In the case of the Apocrypha, it's even easier. Crack open the original
KJV, and they're all there, Tobit and Maccabees and the others. Crack
open a modern edition, and blow me, they're gorn. And a fundie KJV
worshipper doesn't even know they've gorn.
No, it was not really a serious question. But it can be made into
one. Your argument doesn't hold much water. The reason they are no
longer in the King James Version is because they don't _belong_ in the
"real" Bible, they were inadvertently included in an erroneous
edition. And, yes, there are references to all sorts of things in the
official Bible but not everything referred to is necessarily biblical
and belongs in the canon.
The question is: are these texts truly no longer extant, that is,
really missing or are they simply excluded by the dictates (arbitrary
or inspired) or Jerome and Athanasius and that whole crowd?

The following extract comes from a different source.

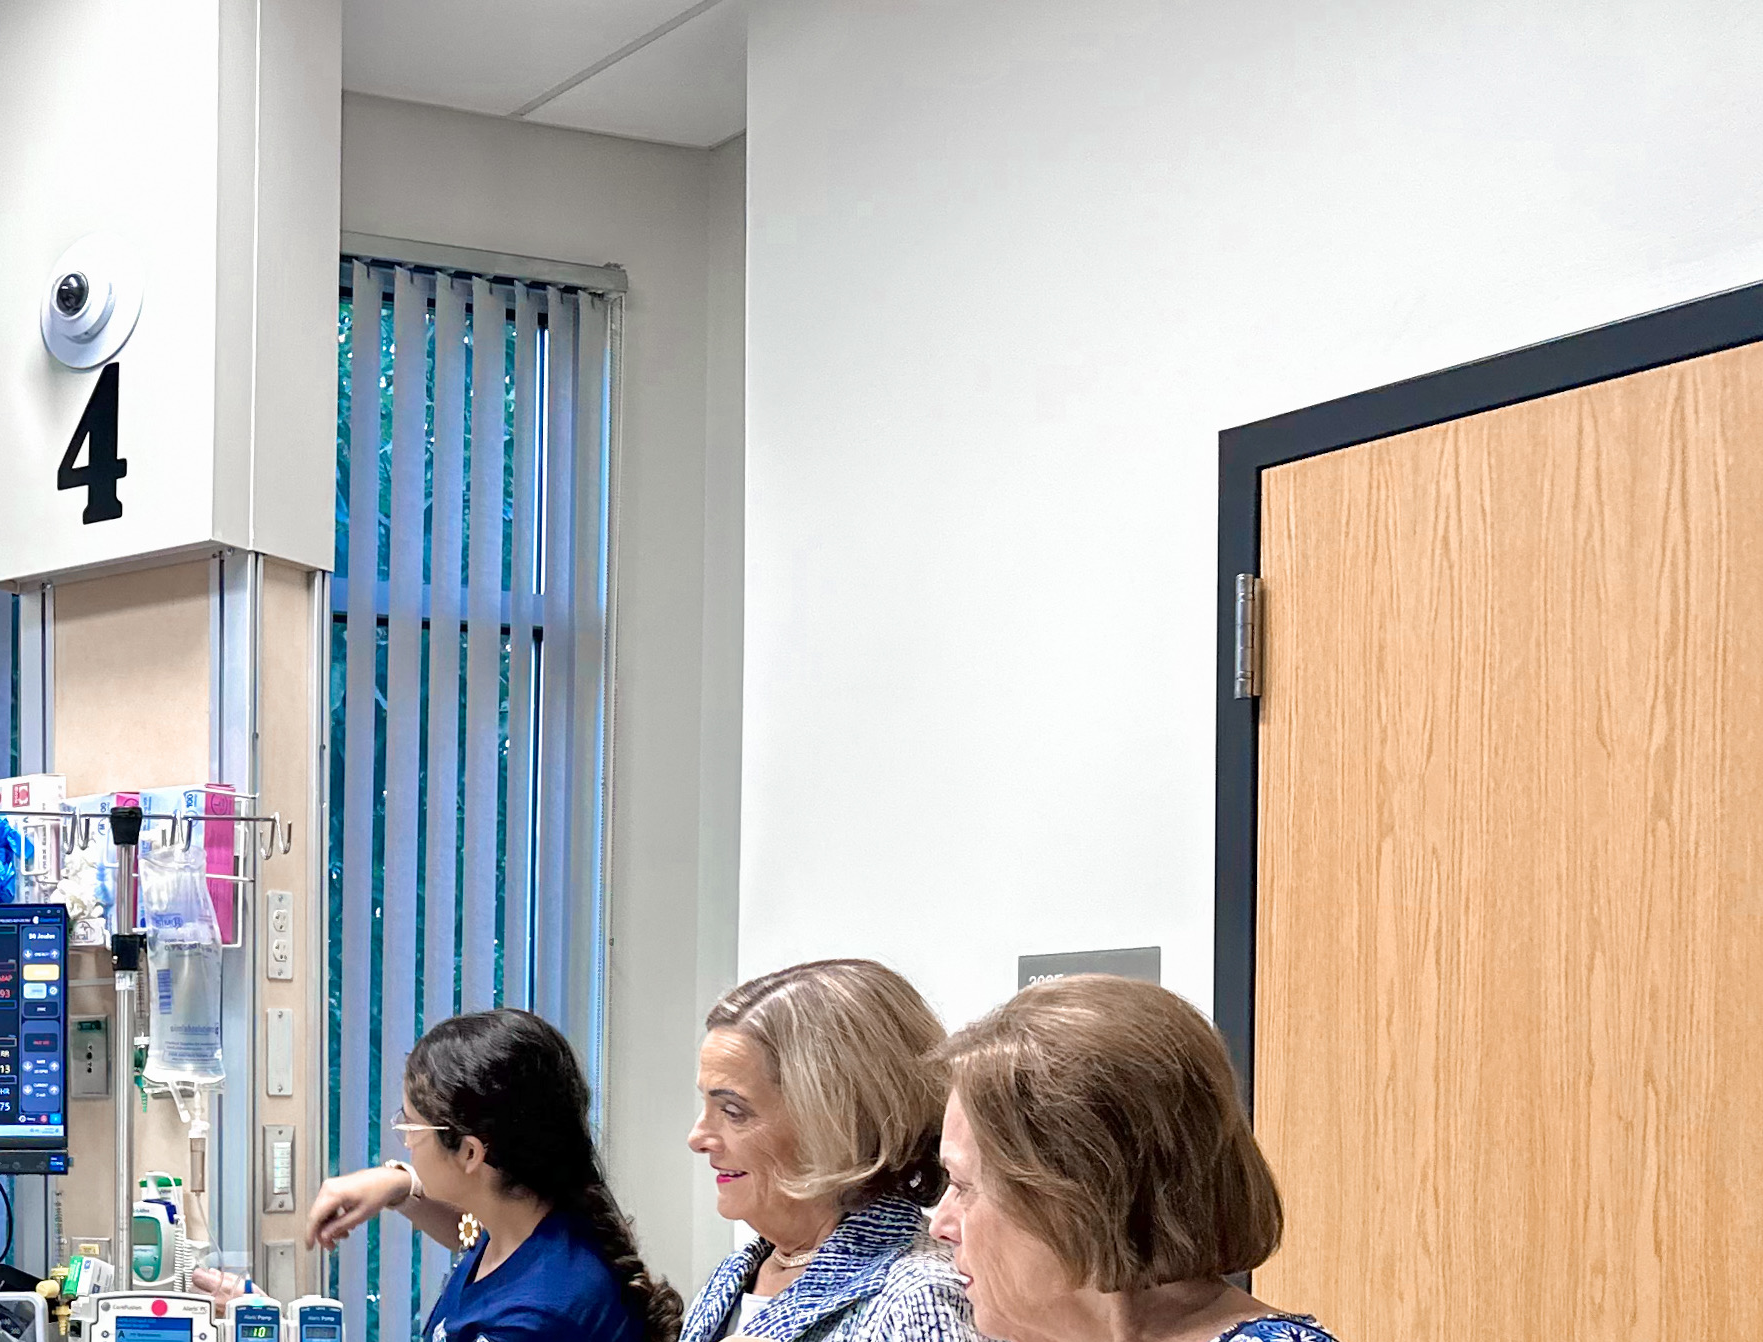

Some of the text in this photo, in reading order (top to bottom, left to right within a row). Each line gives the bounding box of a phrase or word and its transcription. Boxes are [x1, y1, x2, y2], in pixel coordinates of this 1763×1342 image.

They're gone, lost, non-extant, known only from mentions in other
books. Plenty of lots of ancient books are, so your apparent
skepticism strikes me as a bit odd.
The Apocrypha are not lost, which is the subject of your second
paragraph. As to John's list, the subject of your first paragraph,
Are you confusing me with Tiny Bulcher?
A ghastly fate. Wouldn't wish it on a dog.
Prior to this post, I've
posted exactly one paragraph in this conversation (which refers to the
works on John's list).
I
should have asked a second question which was only implicit in my
post: What evidence is there that the works which were cited in the
canonical texts but which now do not exist were themselves worthy of
inclusion in the canon?
I don't think there's any evidence that *any* books belong to the
canon. Did you mean to ask whether they were ever considered canonical
by anyone? I do not know.
The 'missing' books are not recorded as part of Tanakh, but it is a
moot question as what was considered of divine authority (other than
Torah) before the codification of Tanakh.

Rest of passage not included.